Laminin-binding protein/p40 (LBP/p40) precursor appears to be involved in two seemingly unrelated activities-cell adhesion and ribosomal biogenesis. Analysis of primary structure revealed a two-domain organization of the LBP/p40. The N-terminal portion of LBP is similar to the S2 family of prokaryotic ribosomal proteins, while the C-terminus is unique for Metazoa and is involved in extraribosomal functions. To gain insight into putative ribosomal functions of LBP we performed comparative modeling of the N-terminal domain using crystal structures of S2p from Thermus thermophilus.
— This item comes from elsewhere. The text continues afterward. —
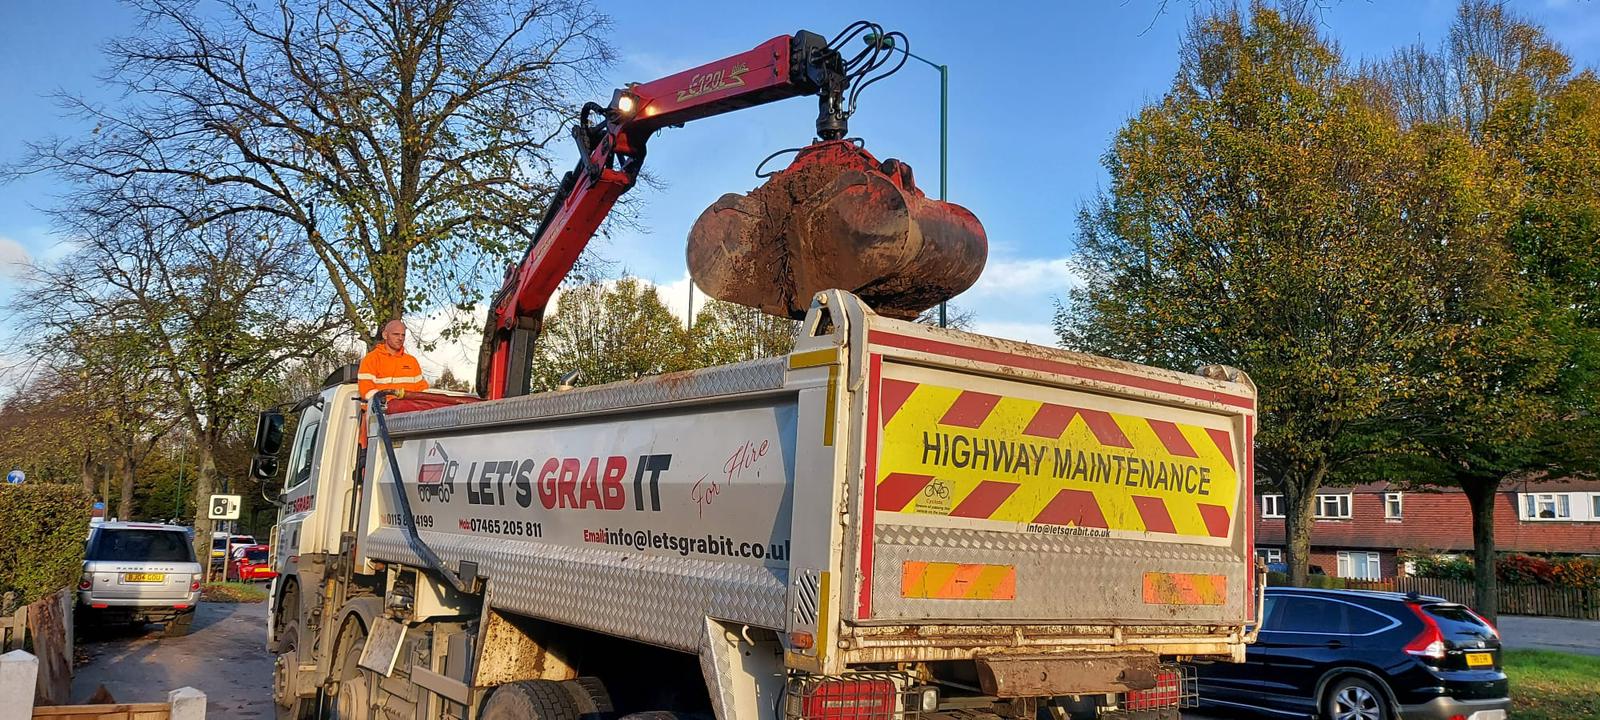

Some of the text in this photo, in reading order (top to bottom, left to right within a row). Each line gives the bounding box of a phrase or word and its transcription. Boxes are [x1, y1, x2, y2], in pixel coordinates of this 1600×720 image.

The LBP model assumes an alpha-beta sandwich fold similar to that of S2. Modeling revealed the loss of a significant portion of ribosomal RNA (rRNA) interaction domain, lack of conservation of many residues involved in interactions with rRNA, and a major shift in surface charge distribution (compared to the S2 protein). The overall stability of the fold argues against a proposed transmembrane domain in the central part of the protein. Partial overlap in S2 and laminin-binding domains suggests that ribosomal and surface receptor functions would be mutually exclusive. The possible biological role of LBP/p40 bifunctionality is discussed.